→ **RECORDED DATA**:
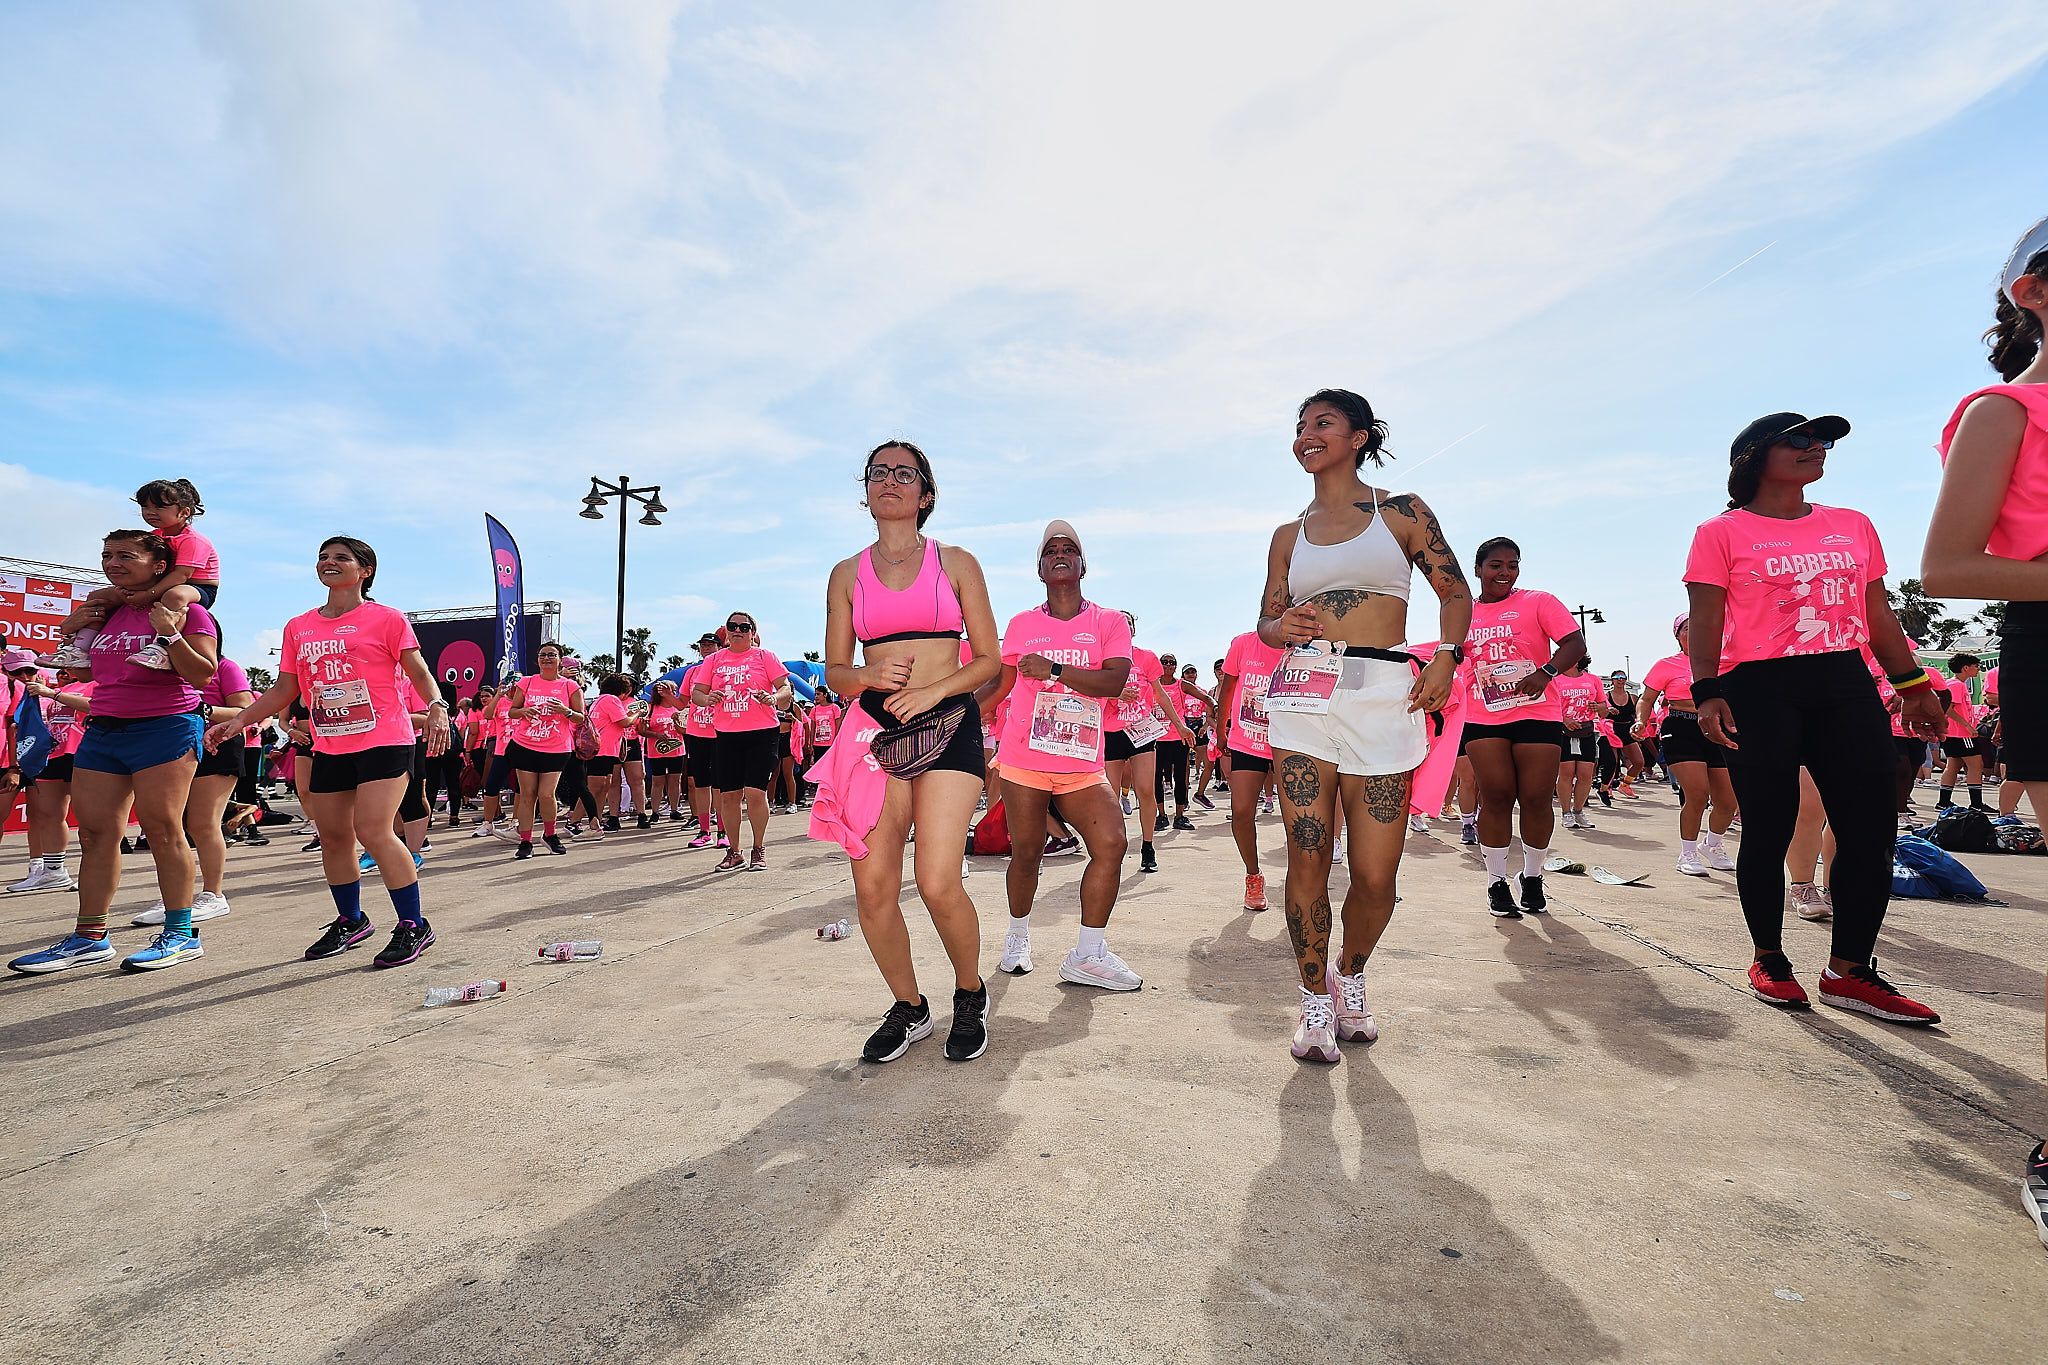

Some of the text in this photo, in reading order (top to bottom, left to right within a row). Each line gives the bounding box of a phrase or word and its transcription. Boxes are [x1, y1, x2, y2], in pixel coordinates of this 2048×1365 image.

[1752, 541, 1792, 551] OYSHO
[1766, 551, 1857, 576] CARRERA
[33, 587, 65, 596] Santander
[1822, 577, 1846, 606] DE
[32, 604, 64, 612] Santander
[0, 620, 62, 641] ONSE
[1467, 624, 1514, 641] ARRERA
[1025, 637, 1051, 646] OYSHO
[1284, 669, 1311, 683] 016
[723, 701, 749, 712] MUJER
[325, 707, 350, 718] 016
[1254, 710, 1267, 719] 01
[1055, 721, 1080, 734] 016
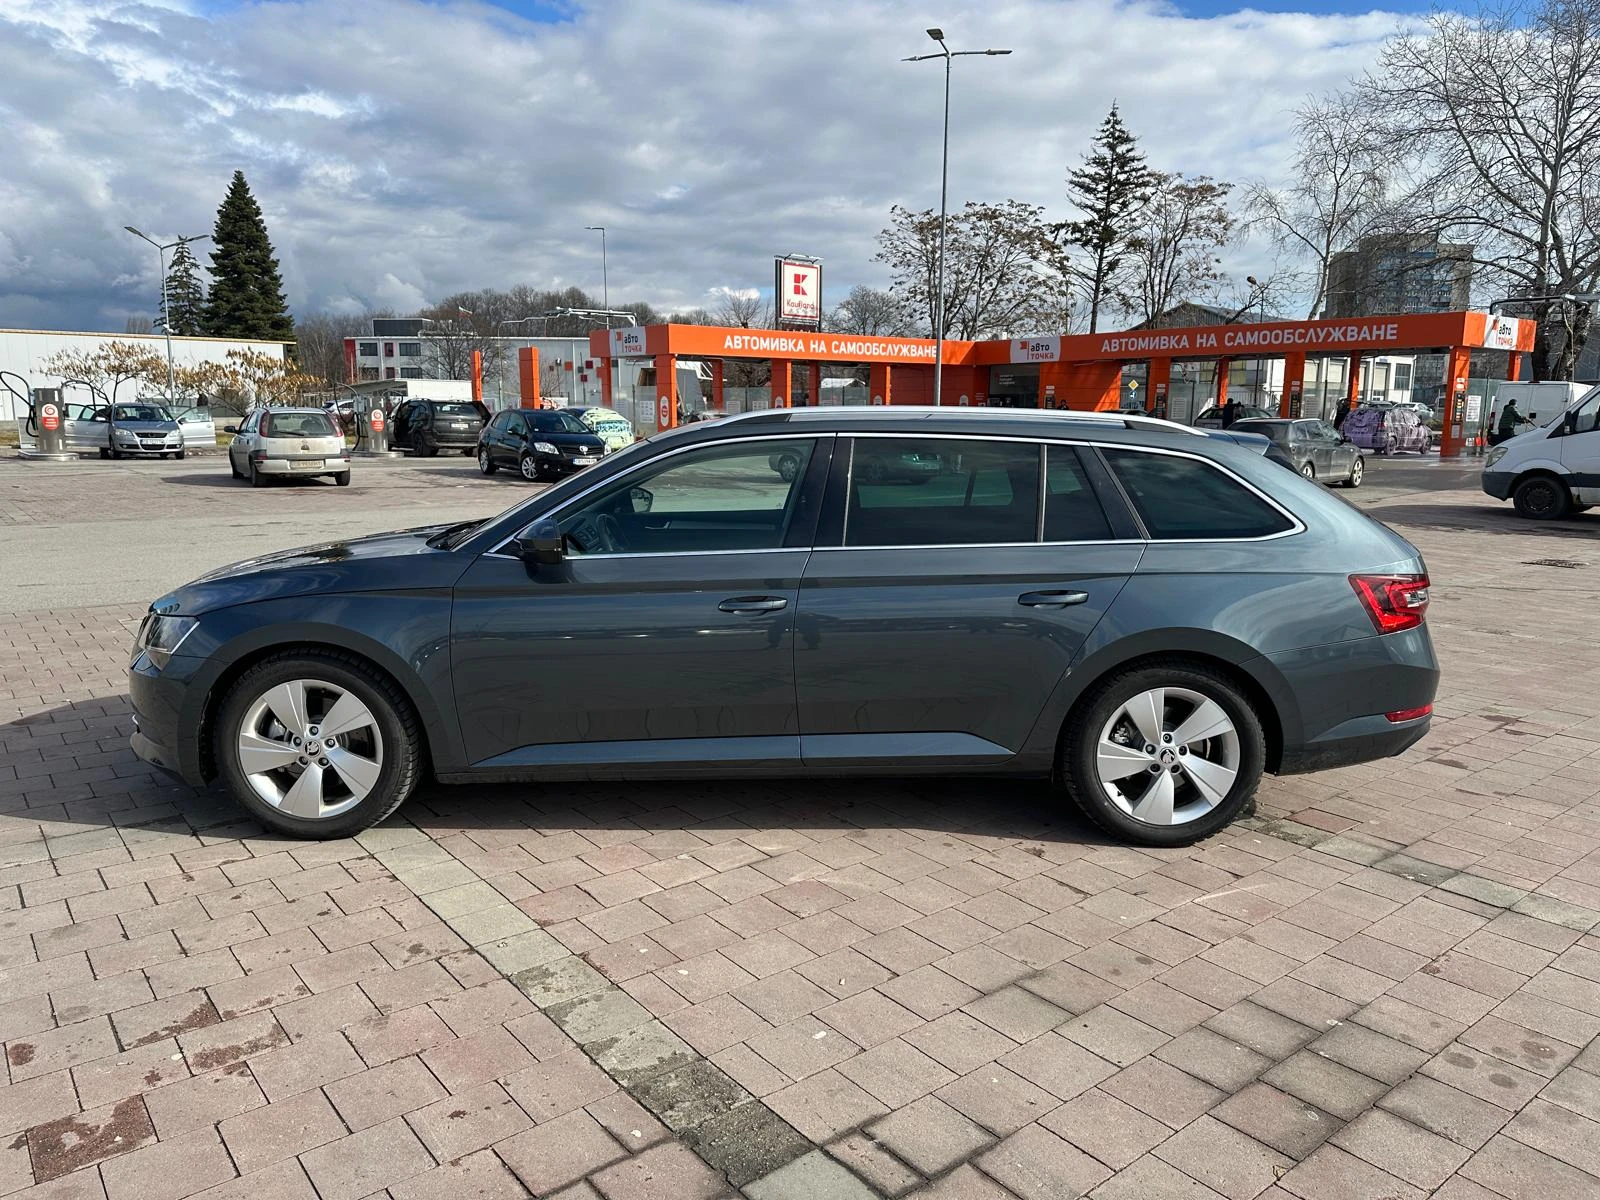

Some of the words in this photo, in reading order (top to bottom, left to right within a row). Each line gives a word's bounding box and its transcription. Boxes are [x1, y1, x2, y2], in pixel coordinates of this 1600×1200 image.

→ **WHAT IS NEEDED**:
Each entry is to be written out again word for word, and any pictures are to be omitted.

→ **TASK ANSWER**:
Some of the text in this photo, in reading order (top to bottom, left to right within a row). Each line gives the bounding box of a phrase or word and its transcription. Boxes are [x1, y1, x2, y2], in pixel coordinates of this 2048×1365 image.

[1752, 541, 1792, 551] OYSHO
[1766, 551, 1857, 576] CARRERA
[33, 587, 65, 596] Santander
[1822, 577, 1846, 606] DE
[32, 604, 64, 612] Santander
[0, 620, 62, 641] ONSE
[1467, 624, 1514, 641] ARRERA
[1025, 637, 1051, 646] OYSHO
[1284, 669, 1311, 683] 016
[723, 701, 749, 712] MUJER
[325, 707, 350, 718] 016
[1254, 710, 1267, 719] 01
[1055, 721, 1080, 734] 016

Some of the words in this photo, in reading order (top to bottom, left to right within a row). Each line gives a word's bounding box and its transcription. Boxes are [x1, y1, x2, y2], in pixel coordinates of this 1600×1200 image.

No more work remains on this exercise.